Here is one on young males that’s slightly more applicable, this study states, “Plasma lipids and IGF-I concentrations were unaffected by treatment.”
Finally, because of the Long Feedback Mechanism (google it), controlling estrogen means we can help control prolactin. So there is more of a reason to use AI when using 19-Nors (if you experience increased PRL). I’d also keep a D2-agonist on hand though.
My advice is to keep estrogen in “normal ranges”. That needs to be decided by trial and error (experimentation).
The key here is to keep it in the normal ranges when “on cycle”, not high off the charts and not too low.
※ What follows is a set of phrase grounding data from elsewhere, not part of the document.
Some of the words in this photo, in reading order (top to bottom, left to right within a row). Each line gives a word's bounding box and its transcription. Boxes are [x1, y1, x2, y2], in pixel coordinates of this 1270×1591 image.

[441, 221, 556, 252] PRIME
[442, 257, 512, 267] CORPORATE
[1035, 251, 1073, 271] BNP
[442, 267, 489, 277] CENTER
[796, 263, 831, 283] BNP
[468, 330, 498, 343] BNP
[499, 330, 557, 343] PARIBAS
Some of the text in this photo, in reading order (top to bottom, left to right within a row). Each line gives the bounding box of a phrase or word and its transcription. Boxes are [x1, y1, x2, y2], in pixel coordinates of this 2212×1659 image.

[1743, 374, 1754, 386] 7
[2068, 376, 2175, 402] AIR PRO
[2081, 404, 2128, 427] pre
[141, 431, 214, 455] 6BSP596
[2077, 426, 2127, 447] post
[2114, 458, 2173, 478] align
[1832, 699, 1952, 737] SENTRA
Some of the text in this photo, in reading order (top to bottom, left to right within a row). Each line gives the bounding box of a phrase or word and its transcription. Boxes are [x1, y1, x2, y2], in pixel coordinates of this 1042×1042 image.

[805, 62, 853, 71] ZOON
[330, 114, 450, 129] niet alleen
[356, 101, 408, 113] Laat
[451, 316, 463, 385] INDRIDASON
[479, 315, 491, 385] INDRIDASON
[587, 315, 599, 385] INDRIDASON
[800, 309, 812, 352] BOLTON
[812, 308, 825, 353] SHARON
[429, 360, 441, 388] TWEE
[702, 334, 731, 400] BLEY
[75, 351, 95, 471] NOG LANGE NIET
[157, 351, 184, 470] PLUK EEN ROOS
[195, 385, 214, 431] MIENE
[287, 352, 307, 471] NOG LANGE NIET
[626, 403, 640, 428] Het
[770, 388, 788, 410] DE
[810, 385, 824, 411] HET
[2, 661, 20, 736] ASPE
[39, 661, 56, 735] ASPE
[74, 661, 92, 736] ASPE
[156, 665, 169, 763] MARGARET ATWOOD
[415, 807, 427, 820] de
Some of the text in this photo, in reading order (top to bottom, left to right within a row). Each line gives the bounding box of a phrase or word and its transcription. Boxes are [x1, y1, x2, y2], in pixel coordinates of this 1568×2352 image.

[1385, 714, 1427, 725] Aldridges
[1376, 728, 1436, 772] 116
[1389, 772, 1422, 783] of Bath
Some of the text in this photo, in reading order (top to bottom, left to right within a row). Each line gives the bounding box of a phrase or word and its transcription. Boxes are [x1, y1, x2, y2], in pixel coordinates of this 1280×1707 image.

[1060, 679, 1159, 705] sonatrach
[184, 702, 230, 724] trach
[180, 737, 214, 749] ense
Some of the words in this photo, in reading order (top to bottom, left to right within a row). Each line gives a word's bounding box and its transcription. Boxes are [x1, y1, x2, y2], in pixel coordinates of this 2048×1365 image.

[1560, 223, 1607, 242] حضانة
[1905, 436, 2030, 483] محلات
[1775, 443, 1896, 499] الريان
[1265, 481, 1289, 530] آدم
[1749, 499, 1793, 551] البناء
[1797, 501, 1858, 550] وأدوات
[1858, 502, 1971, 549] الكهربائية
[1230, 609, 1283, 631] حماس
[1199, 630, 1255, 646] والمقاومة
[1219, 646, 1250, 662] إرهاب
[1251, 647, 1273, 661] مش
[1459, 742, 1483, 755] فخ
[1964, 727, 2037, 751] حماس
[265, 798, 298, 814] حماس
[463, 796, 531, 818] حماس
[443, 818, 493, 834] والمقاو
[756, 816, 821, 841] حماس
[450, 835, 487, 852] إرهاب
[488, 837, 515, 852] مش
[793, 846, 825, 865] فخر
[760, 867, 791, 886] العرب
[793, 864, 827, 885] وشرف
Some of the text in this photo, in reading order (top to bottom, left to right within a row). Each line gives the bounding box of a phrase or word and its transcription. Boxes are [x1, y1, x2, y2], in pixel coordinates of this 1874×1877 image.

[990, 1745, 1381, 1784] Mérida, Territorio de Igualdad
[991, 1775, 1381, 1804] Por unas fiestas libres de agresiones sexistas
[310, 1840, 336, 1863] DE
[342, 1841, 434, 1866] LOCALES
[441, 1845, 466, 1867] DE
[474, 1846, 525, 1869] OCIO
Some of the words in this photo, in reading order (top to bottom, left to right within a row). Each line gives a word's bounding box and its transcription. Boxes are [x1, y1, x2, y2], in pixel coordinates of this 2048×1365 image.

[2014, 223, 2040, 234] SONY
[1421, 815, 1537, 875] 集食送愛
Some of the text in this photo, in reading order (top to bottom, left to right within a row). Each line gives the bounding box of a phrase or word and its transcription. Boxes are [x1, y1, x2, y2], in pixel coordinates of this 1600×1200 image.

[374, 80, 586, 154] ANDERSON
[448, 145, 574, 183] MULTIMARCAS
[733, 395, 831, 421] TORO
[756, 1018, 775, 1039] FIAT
Too low – and we can experience a host of other side effects, from loss of libido, energy, joint problems, CNS function, anxiety, and erectile dysfunction.
It needs to be balanced and the only way you’re going to find out your estrogen level on cycle is BW. Have BW done when “on cycle” and taking the AI and see where you are at. Or have BW done on HRT (if you’re on HRT) and see where you’re at. Some doctors/endo’s prescribe AI’s because HRT can push estorgen high in those sensitive or estorgen dominant.
My advice: Aromasin on cycle 10mg/ED. It can be even lower when using DHT derived steroids because of their anti-estrogenic effects. This AI dose will change with the total dose of aromotasable compounds. Put simply, if you’re on compounds that aromatase – use more if you need to. 19-Nor’s will also affect this dose.